= What the exercise asks =
Repeat the data exactly. Pictures stay out.

*** Opening Records ***

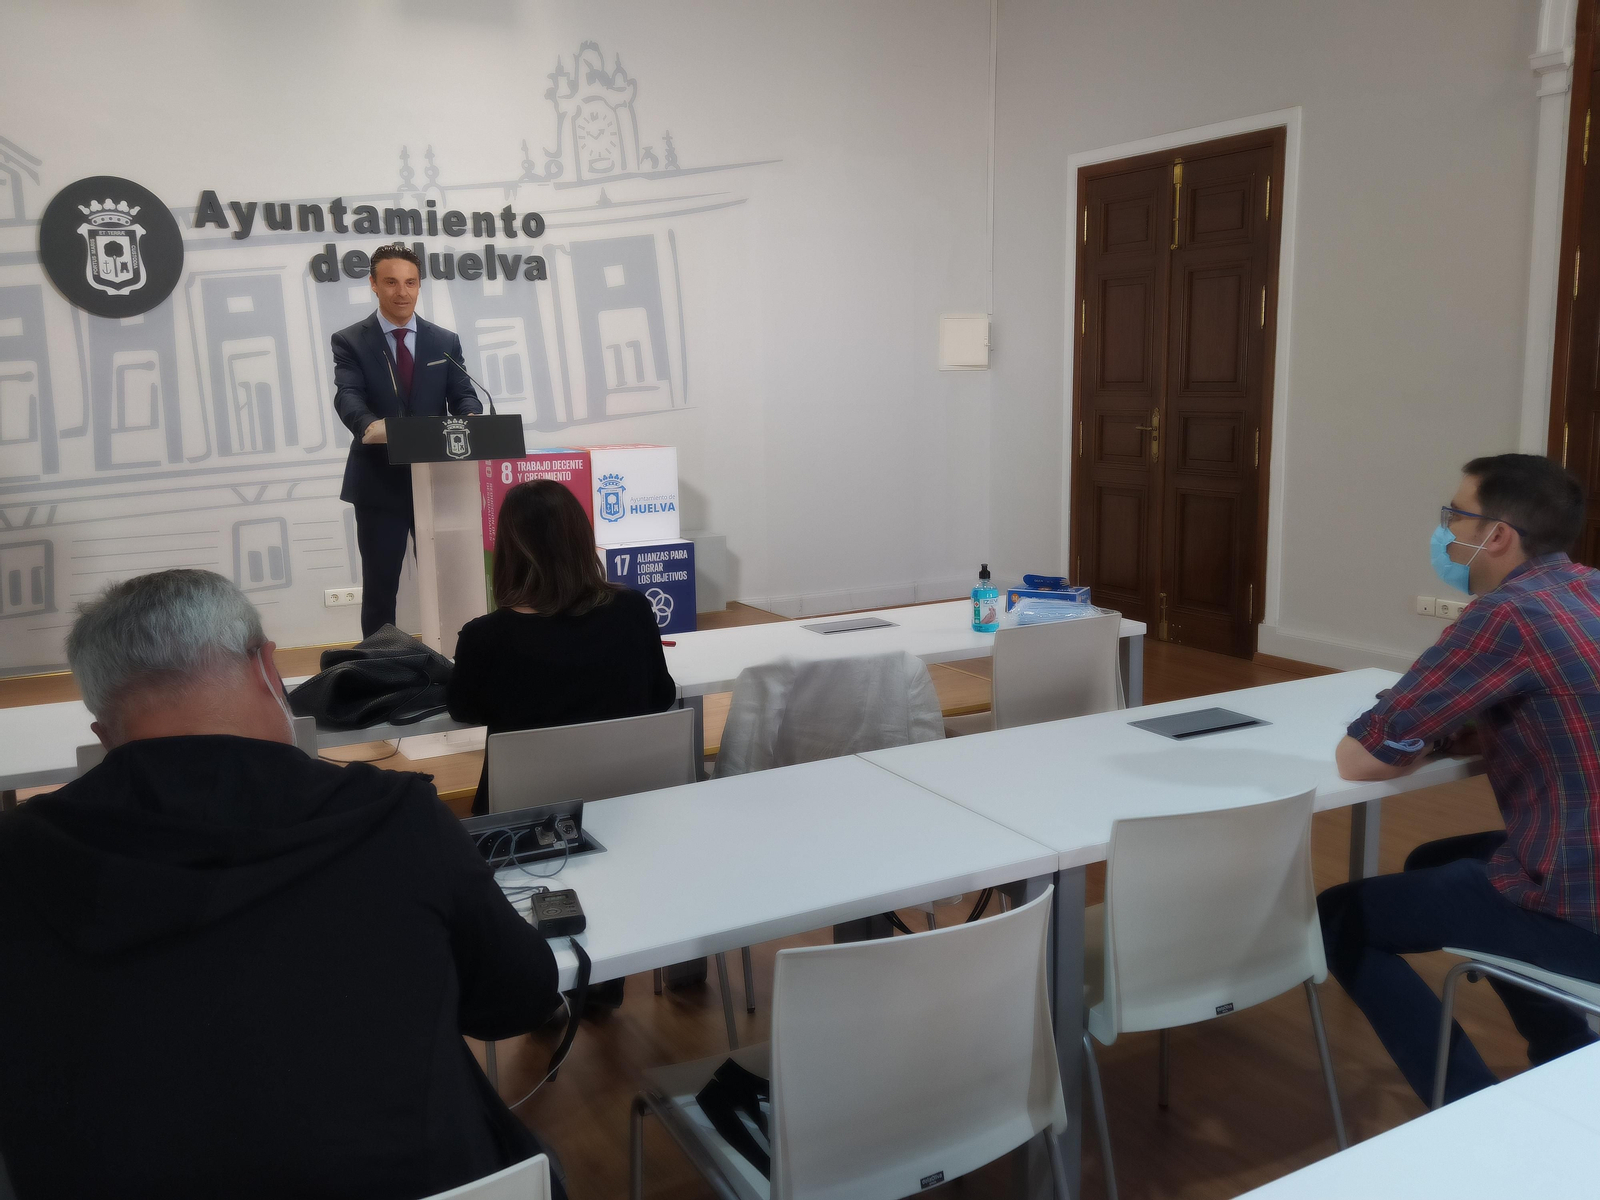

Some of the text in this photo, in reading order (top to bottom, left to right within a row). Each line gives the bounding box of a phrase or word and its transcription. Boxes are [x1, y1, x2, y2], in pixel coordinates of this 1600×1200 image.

[194, 189, 546, 240] Ayuntamiento
[310, 243, 371, 283] de
[501, 462, 513, 484] 8
[517, 460, 583, 472] TRABAJO DECENTE
[517, 471, 572, 482] Y CRECIMIENTO
[630, 494, 668, 503] Ayuntamiento
[630, 502, 676, 514] HUELVA
[637, 549, 688, 563] ALIANZAS PARA
[614, 554, 631, 576] 17
[637, 562, 664, 574] LOGRAR
[637, 570, 688, 585] LOS OBJETIVOS
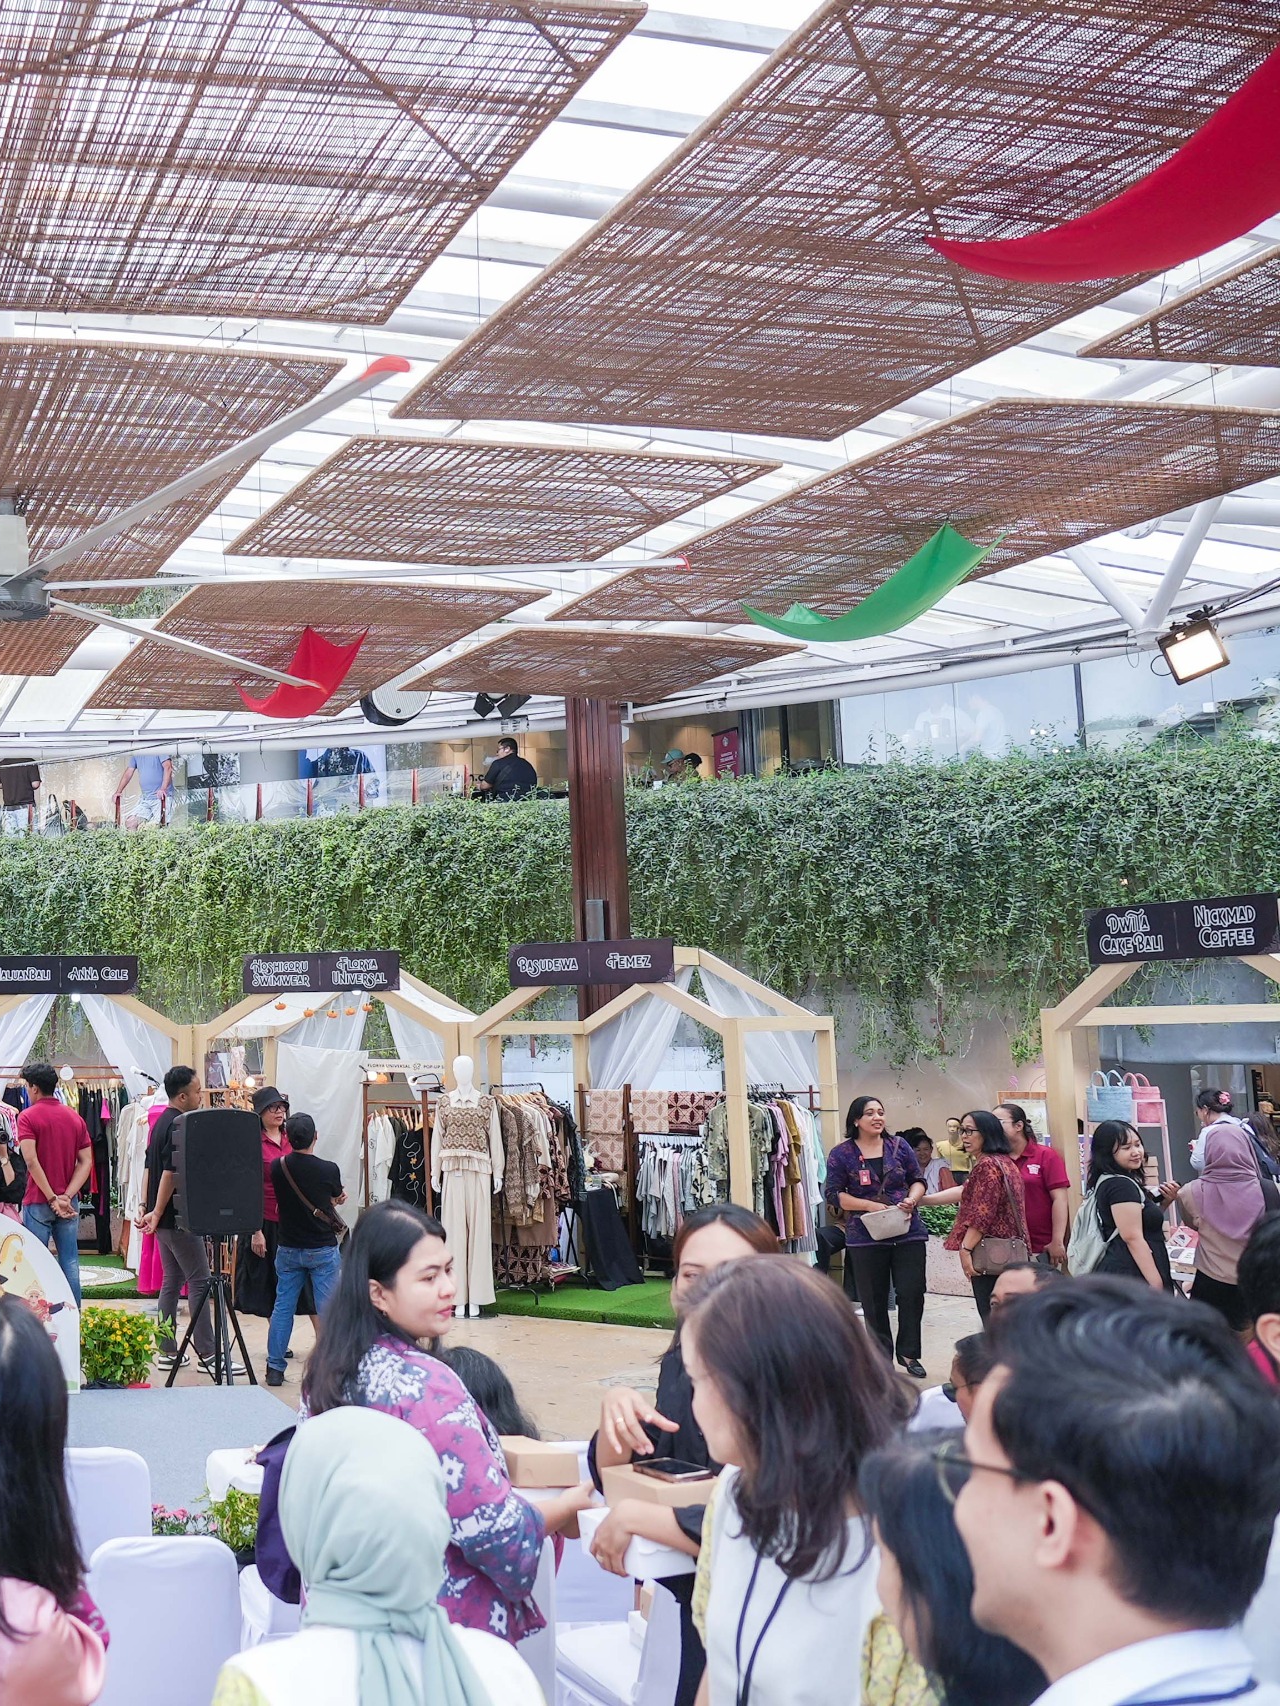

*** Closing Records ***

= Solution to the problem =
Some of the text in this photo, in reading order (top to bottom, left to right within a row). Each line gives the bounding box of a phrase or word and its transcription. Boxes are [x1, y1, x2, y2], in pixel coordinates of this 1600×1200 image.

[194, 189, 546, 240] Ayuntamiento
[310, 243, 371, 283] de
[501, 462, 513, 484] 8
[517, 460, 583, 472] TRABAJO DECENTE
[517, 471, 572, 482] Y CRECIMIENTO
[630, 494, 668, 503] Ayuntamiento
[630, 502, 676, 514] HUELVA
[637, 549, 688, 563] ALIANZAS PARA
[614, 554, 631, 576] 17
[637, 562, 664, 574] LOGRAR
[637, 570, 688, 585] LOS OBJETIVOS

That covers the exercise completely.